Moreover, after the chip structure is dispersed, the differences in this position are also large.
It is possible to rely on short-term hot emotions to follow the market trend for a day. If you want to continue to create space, it is simply impossible without adequate adjustments in time and space.
And I think this is only possible with such a high market turnover.
After yesterday's heated emotional reaction, today's main lines such as "infrastructure" and "military industry" opened high and dived, which is why stocks opened high and went low.
Such a large market transaction volume cannot promote the main lines of "infrastructure" and "military industry" to continue to rise.
Then I think that in the short to medium term, these popular main lines of the market are unlikely to be successful.
Without the assists from several popular core main lines such as "Infrastructure" and "Military Industry", if the index wants to continue to hit the 3,000-point mark, it must rely on other low-level main lines with strong expectations to provide relay assists. "
"This is the truth." Chen Yihe nodded slightly and said, "But the market is always on the main line at a low level. There is no way to form a unified force. Too many funds were rushed away in advance before, and everyone understands the market conditions. The trend will definitely undergo a 'high-low switch'.
Therefore, many funds that thought they were smart made the switch in advance.
They lurked early in low-level mainline areas such as ‘technological growth’, ‘big consumption’, ‘big finance’, and ‘non-ferrous cycle’.

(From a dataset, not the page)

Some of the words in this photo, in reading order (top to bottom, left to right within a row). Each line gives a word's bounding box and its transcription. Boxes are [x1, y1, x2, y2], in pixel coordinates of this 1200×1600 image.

Waiting for the funds to be withdrawn from the main line areas of "infrastructure" and "military industry" to follow them.
But before there are huge changes in the market macro news, how can many major financial institutions that currently hold large-scale positions in the main lines of "infrastructure" and "military industry" be so easy and willing to carry the sedan chair for others?

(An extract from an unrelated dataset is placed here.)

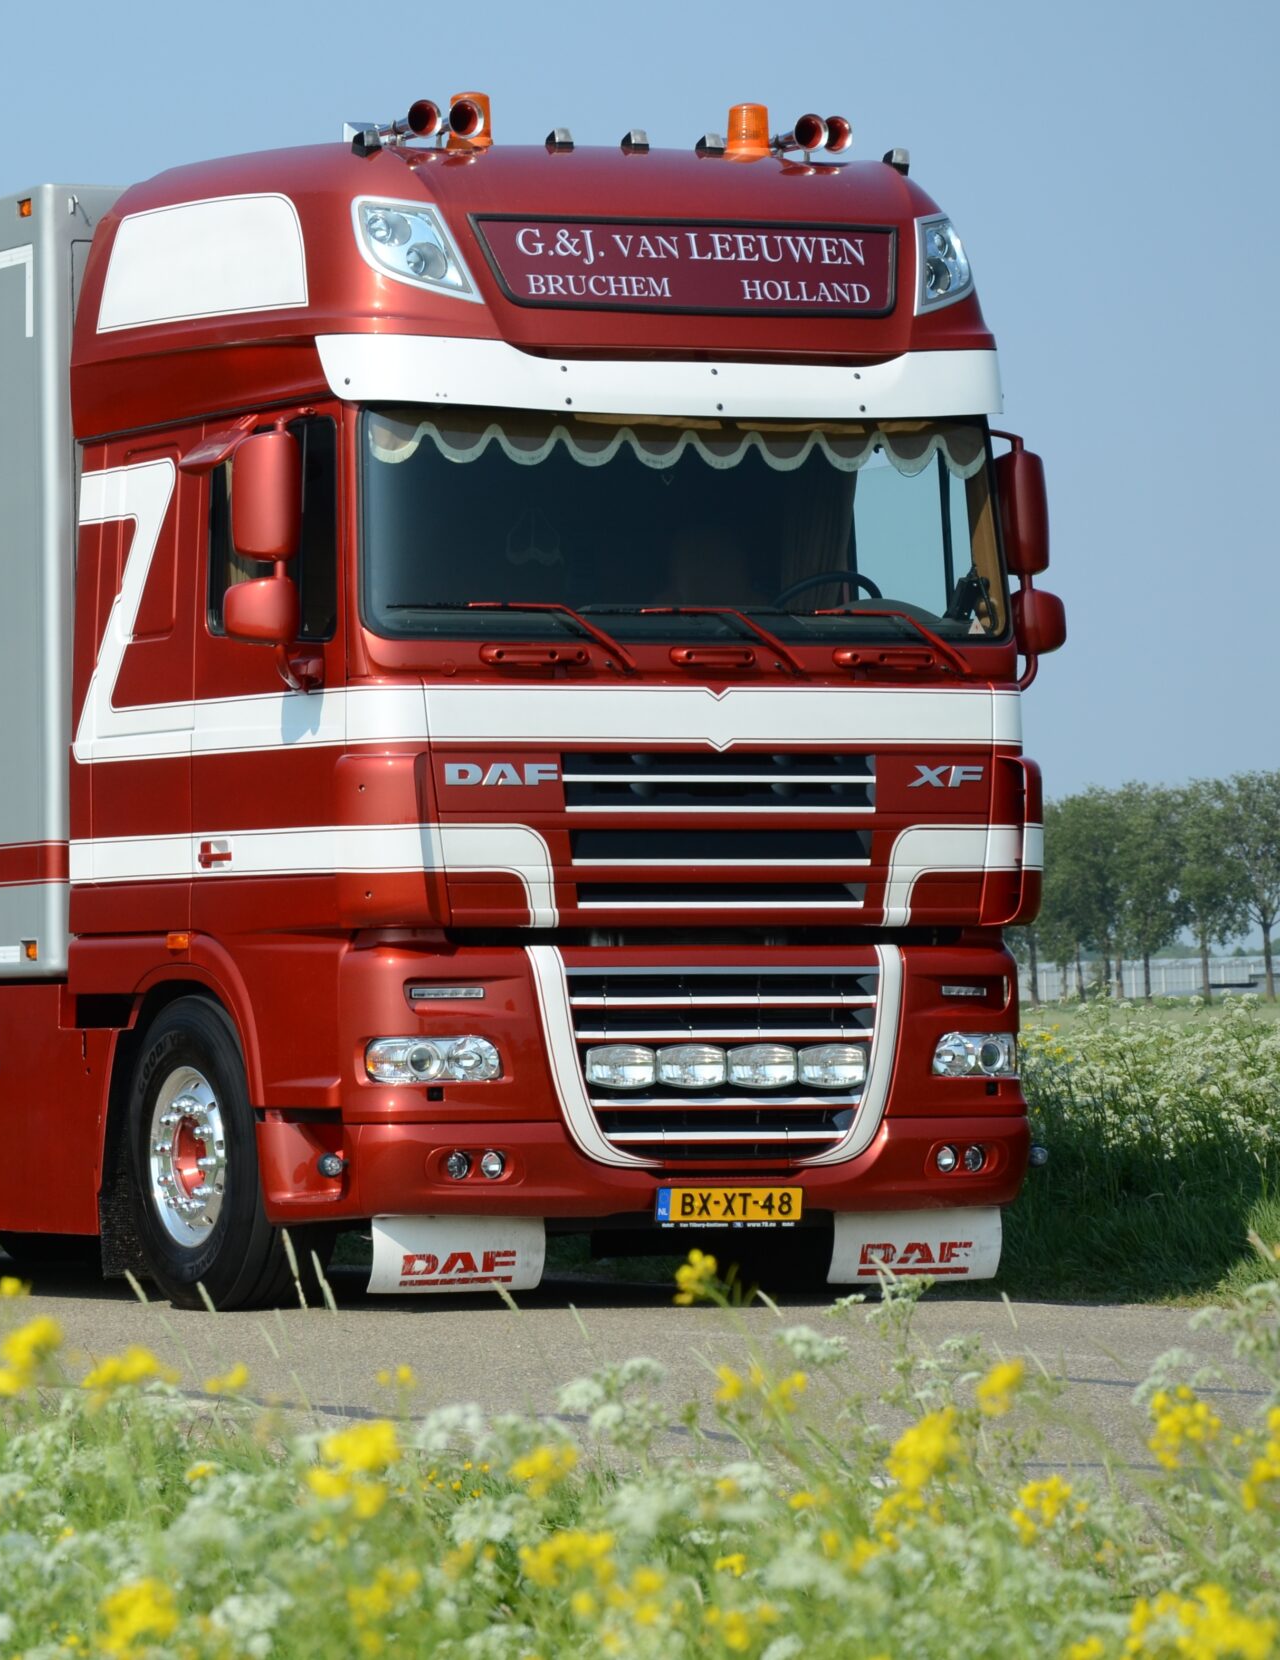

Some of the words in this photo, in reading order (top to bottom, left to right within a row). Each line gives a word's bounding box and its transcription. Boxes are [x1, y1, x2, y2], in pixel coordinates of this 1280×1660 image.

Therefore, this has caused market divergence. At this position, it has always been relatively large and difficult to translate into a consistent direction.

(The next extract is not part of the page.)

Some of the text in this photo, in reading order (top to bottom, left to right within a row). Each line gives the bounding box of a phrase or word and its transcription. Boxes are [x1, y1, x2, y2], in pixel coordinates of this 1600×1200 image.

In other words, at this time, there are no major institutions with big funds willing to take the initiative to guide the market and provide wedding clothes for others. Of course, this is also due to the fact that there are a lot of funds lurking in the low-level main sector at this time, and many funds are worried about guiding the market. He was pulled up and smashed, but the funds that had been lurking before took advantage of him.
Therefore, I have been unwilling to focus on market pull, quickly gather funds, and forcefully market the market.
This has led to the embarrassing situation that the main lines such as "infrastructure" and "military industry" have not been able to rise, and other low-level main lines have not been able to rise, which has kept the index stuck at this position.
Also due to this situation of huge differences.
Other short-term capital groups can only take an eccentric approach to make scraps such as "sub-new stocks". "
"So... Mr. Chen is not optimistic about the next market trend? Do you think the Shanghai Stock Index will probably go back to 2,700 points, or even the lower support edge of 2,500 points?" After hearing Chen Yihe's analysis of the market trend, Gao Xiang was probably thinking Understanding what the other party meant, he asked with a smile, "But the changes in market turnover cannot deceive people. The volume of 500 billion is sufficient. With this volume, the market's liquidity is still quite abundant. There will be big differences when the Shanghai Index breaks upward." , but the decline is also very strong, I guess it won’t go down, right?”
Chen Yihe responded with a smile: "I am not optimistic that the market will break through 3,000 points in a short time, but I am not bearish on the market either. I guess the market will continue to maintain a volatile pattern. As for when it will change, I guess it will have to be macro. On the news, it is only possible if there is a major positive stimulus. Otherwise, the main funds of all parties in the market will continue to compete. I am afraid that it will be difficult to eliminate this huge difference and concentrate financial power in one direction in the short term.”